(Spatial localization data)
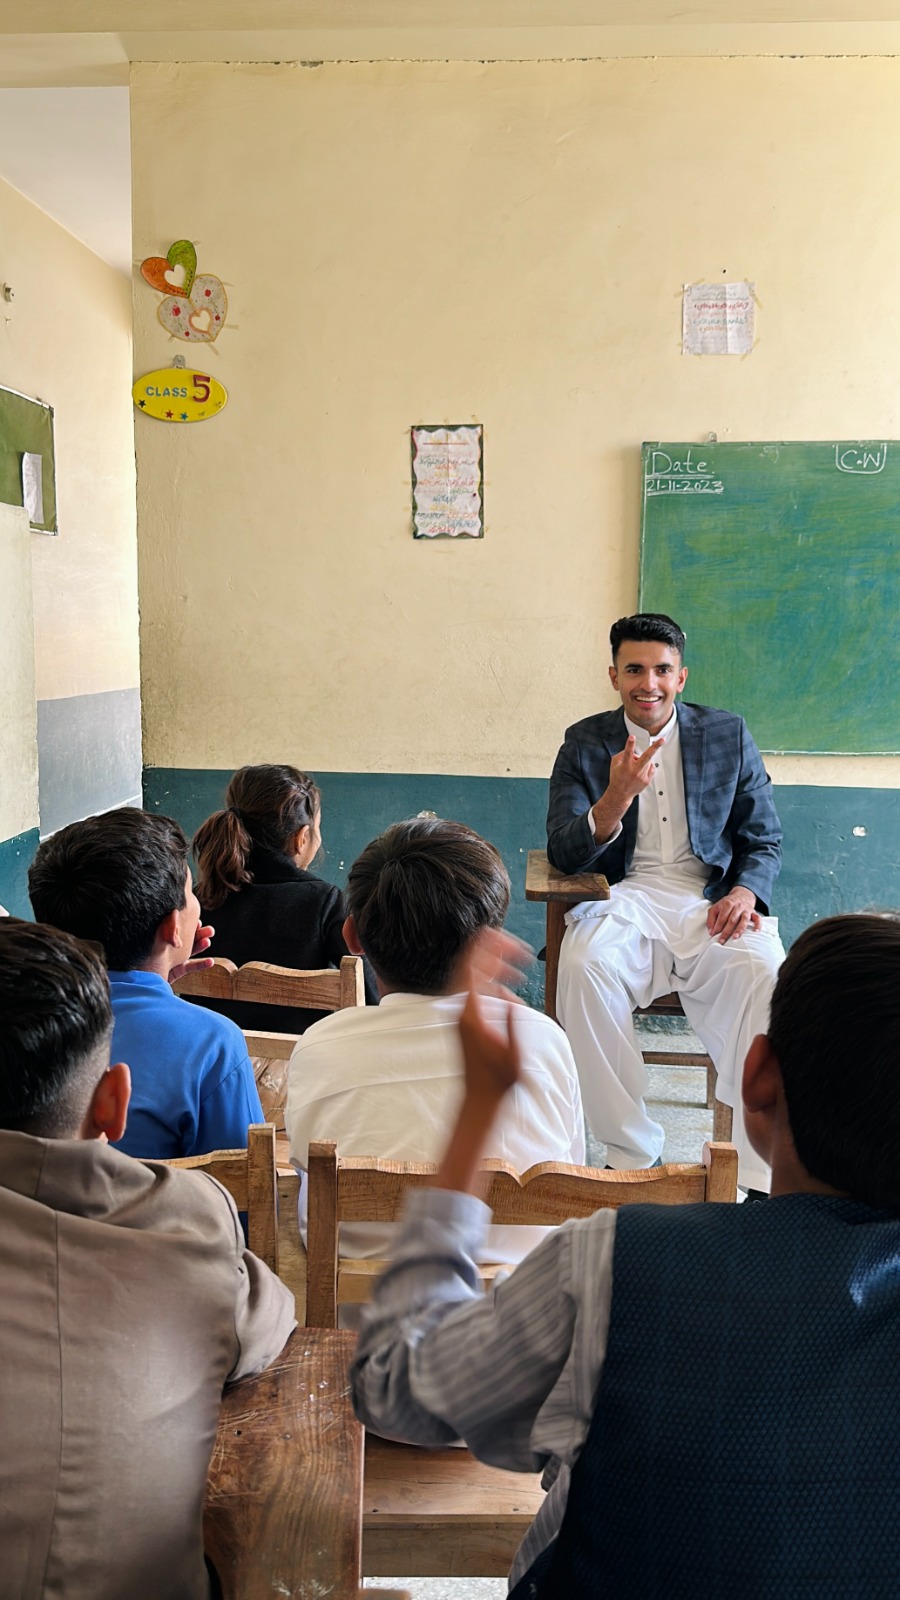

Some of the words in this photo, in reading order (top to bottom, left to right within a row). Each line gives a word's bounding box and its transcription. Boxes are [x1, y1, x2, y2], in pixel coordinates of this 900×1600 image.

[146, 387, 187, 397] CLASS
[193, 375, 210, 402] 5
[645, 479, 724, 493] 21-11-2023
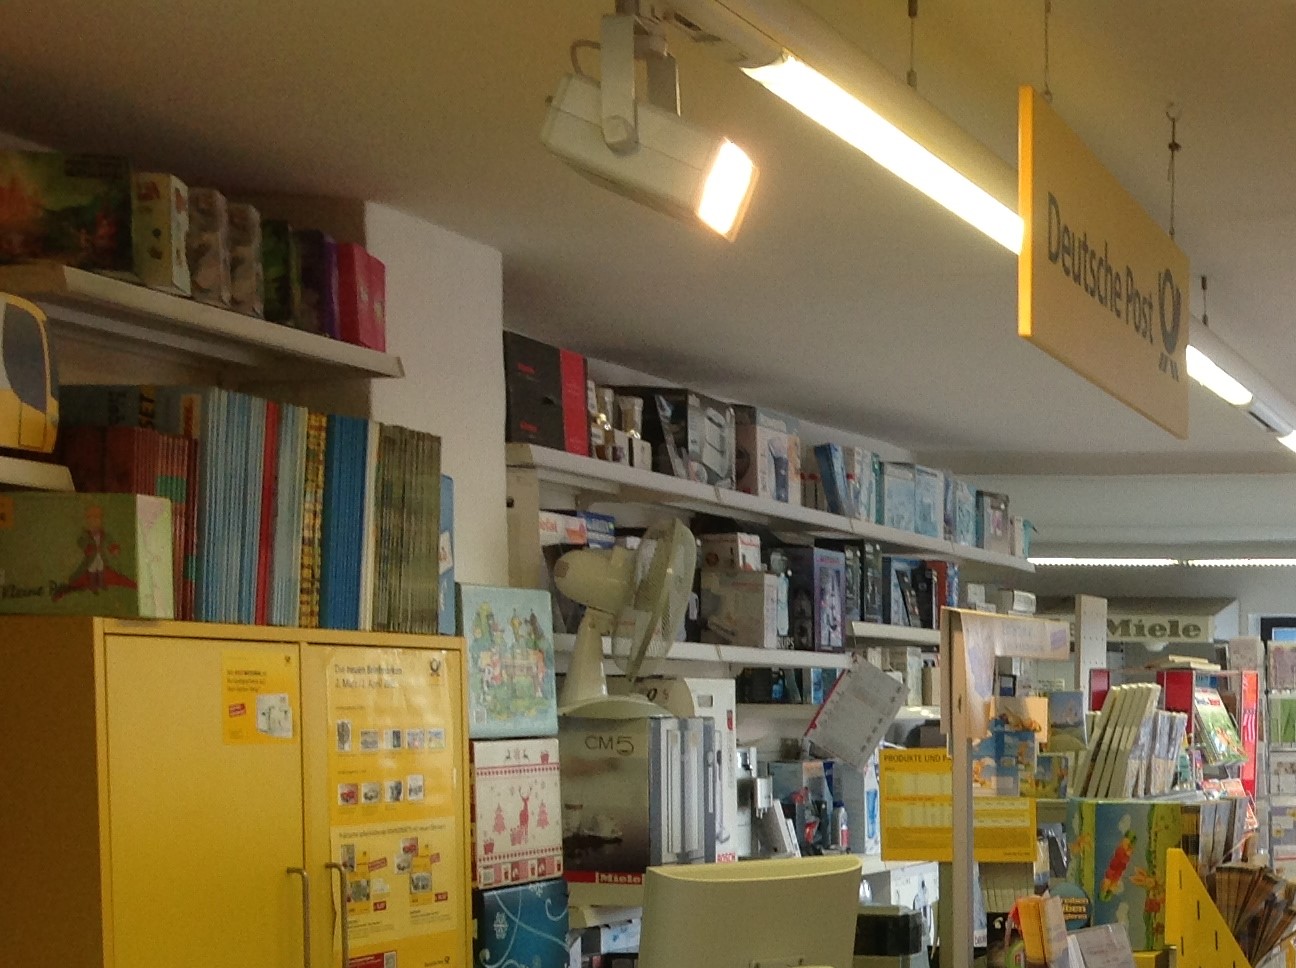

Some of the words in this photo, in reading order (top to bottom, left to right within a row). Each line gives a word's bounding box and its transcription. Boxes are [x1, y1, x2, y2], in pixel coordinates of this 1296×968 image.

What this task involves |
Copy out all the data exactly, skipping the pictures.

Result |
Some of the words in this photo, in reading order (top to bottom, left to right within a row). Each line gives a word's bounding box and its transcription. Boxes are [x1, y1, x2, y2], in pixel coordinates of this 900×1600 image.

[146, 387, 187, 397] CLASS
[193, 375, 210, 402] 5
[645, 479, 724, 493] 21-11-2023

Some of the words in this photo, in reading order (top to bottom, left to right within a row). Each line gives a word's bounding box and its transcription. Boxes are [x1, y1, x2, y2], in pixel coordinates of this 1296×968 image.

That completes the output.